● PROBLEM TO SOLVE
Please set down, word for word, each line from the one containing "Some of the text" through the final line of the records below, both included, and nothing else.

(Beginning of AVAILABLE RECORDS)

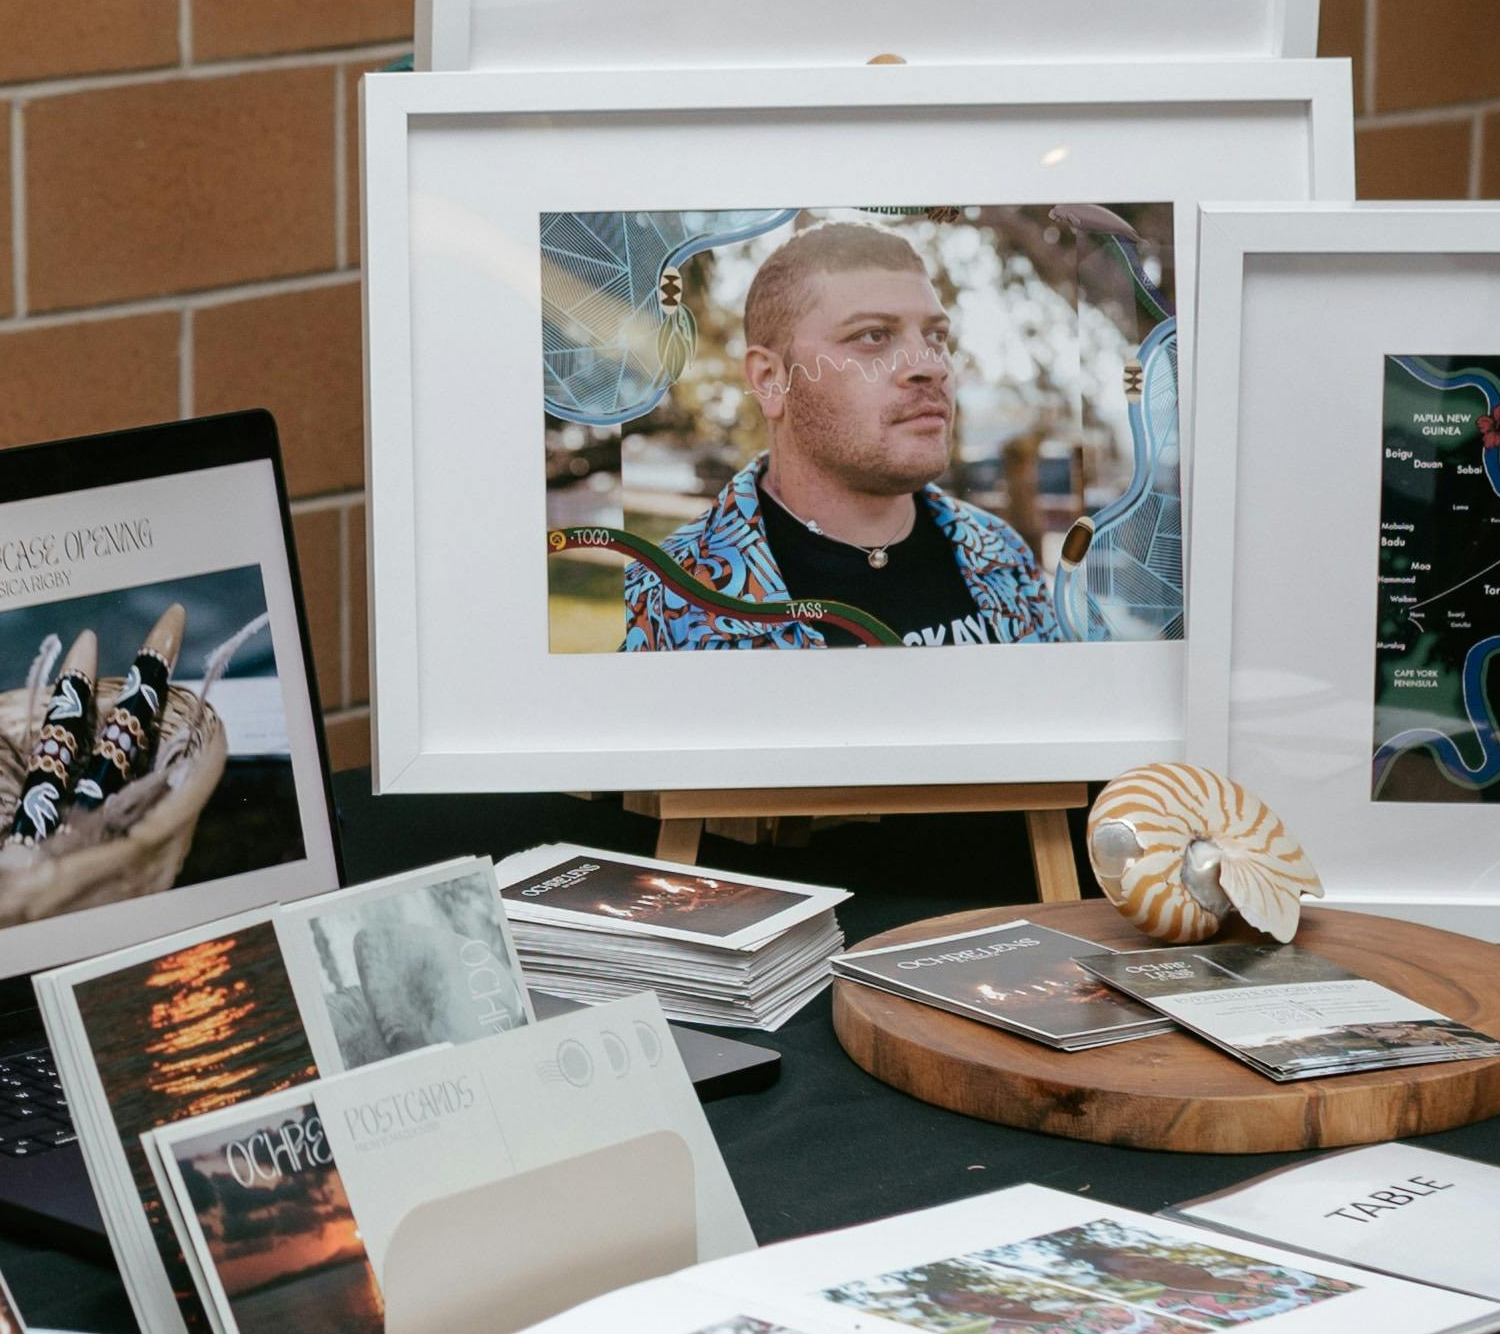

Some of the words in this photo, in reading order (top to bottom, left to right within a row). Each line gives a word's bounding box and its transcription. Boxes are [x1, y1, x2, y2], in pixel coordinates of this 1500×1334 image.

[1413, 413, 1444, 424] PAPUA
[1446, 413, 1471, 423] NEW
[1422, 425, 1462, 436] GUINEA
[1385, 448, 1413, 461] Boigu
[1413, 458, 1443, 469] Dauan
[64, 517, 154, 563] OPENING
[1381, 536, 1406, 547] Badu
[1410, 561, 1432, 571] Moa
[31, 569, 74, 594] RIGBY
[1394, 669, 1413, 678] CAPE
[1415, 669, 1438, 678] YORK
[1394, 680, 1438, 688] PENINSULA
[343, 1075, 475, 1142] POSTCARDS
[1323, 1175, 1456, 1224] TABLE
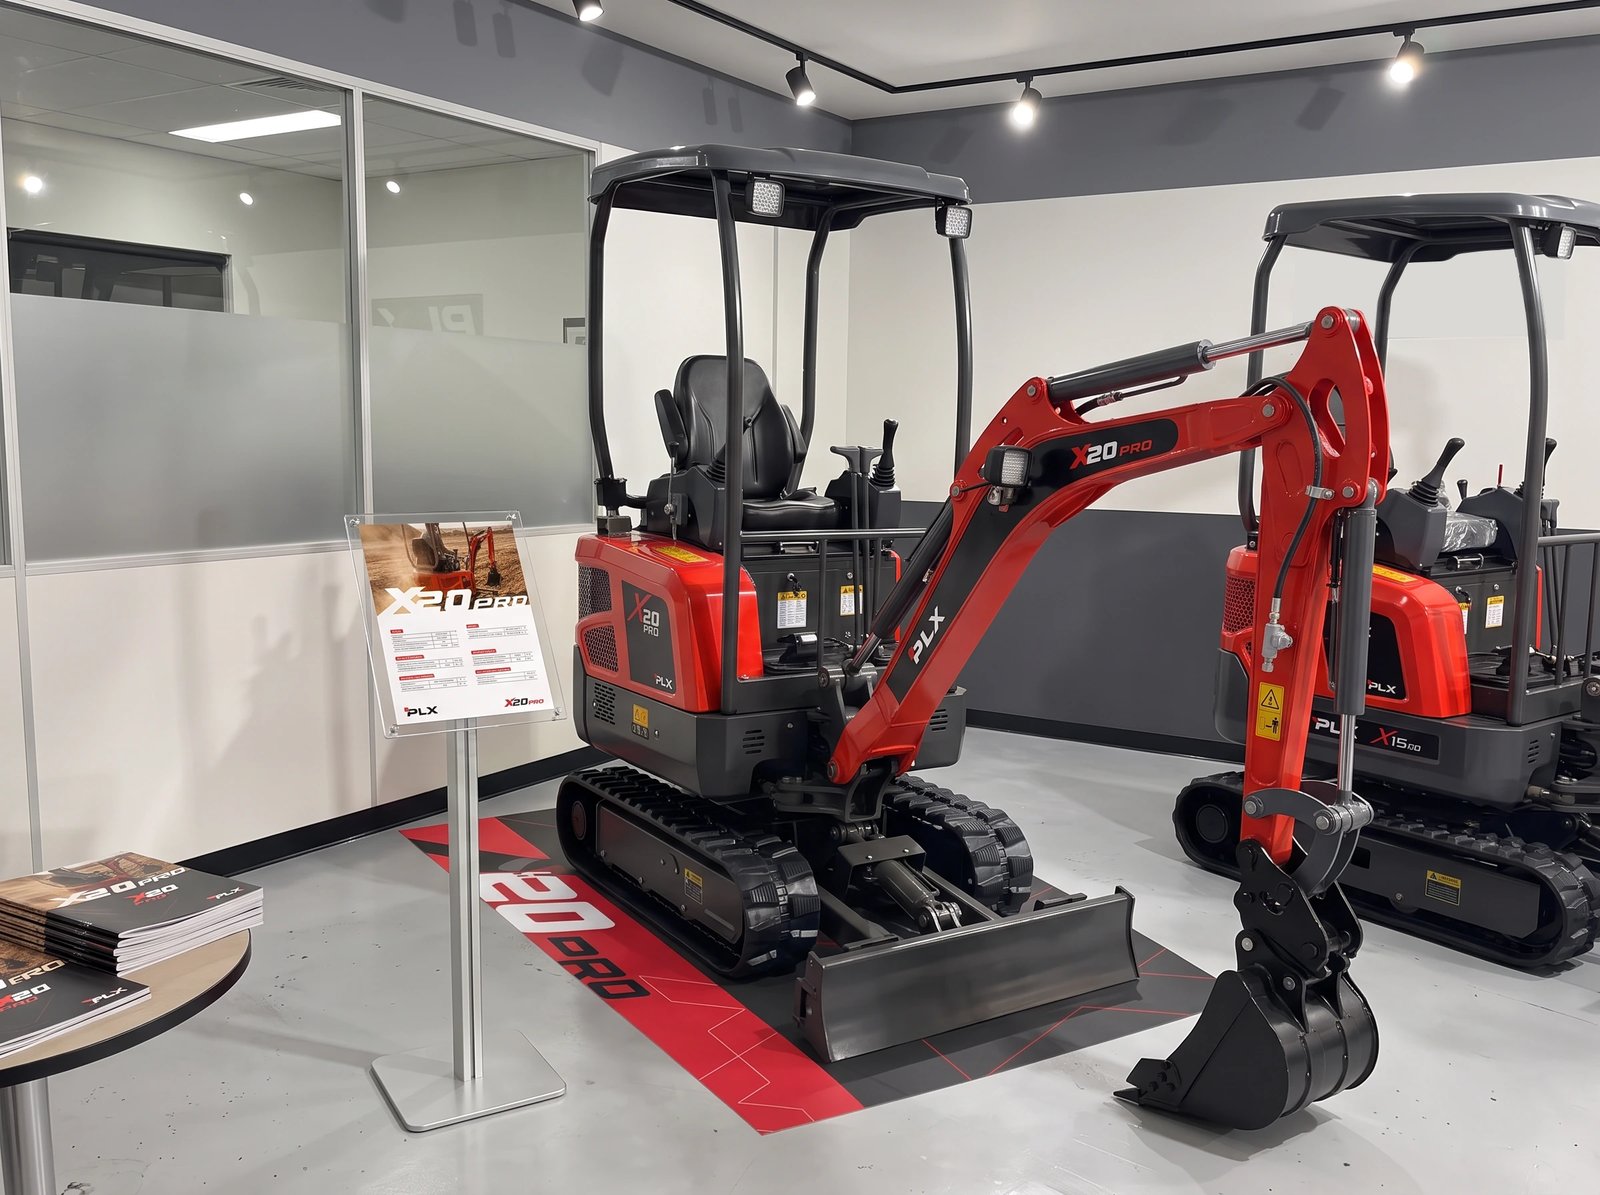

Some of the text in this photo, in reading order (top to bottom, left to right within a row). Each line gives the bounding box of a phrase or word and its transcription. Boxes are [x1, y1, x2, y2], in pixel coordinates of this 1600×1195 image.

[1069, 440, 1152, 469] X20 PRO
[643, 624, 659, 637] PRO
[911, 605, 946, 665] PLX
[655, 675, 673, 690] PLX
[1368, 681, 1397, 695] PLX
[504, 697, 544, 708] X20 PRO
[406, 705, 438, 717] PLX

(End of AVAILABLE RECORDS)

● WORKED SOLUTION
Some of the text in this photo, in reading order (top to bottom, left to right within a row). Each line gives the bounding box of a phrase or word and its transcription. Boxes are [x1, y1, x2, y2], in pixel coordinates of this 1600×1195 image.

[1069, 440, 1152, 469] X20 PRO
[643, 624, 659, 637] PRO
[911, 605, 946, 665] PLX
[655, 675, 673, 690] PLX
[1368, 681, 1397, 695] PLX
[504, 697, 544, 708] X20 PRO
[406, 705, 438, 717] PLX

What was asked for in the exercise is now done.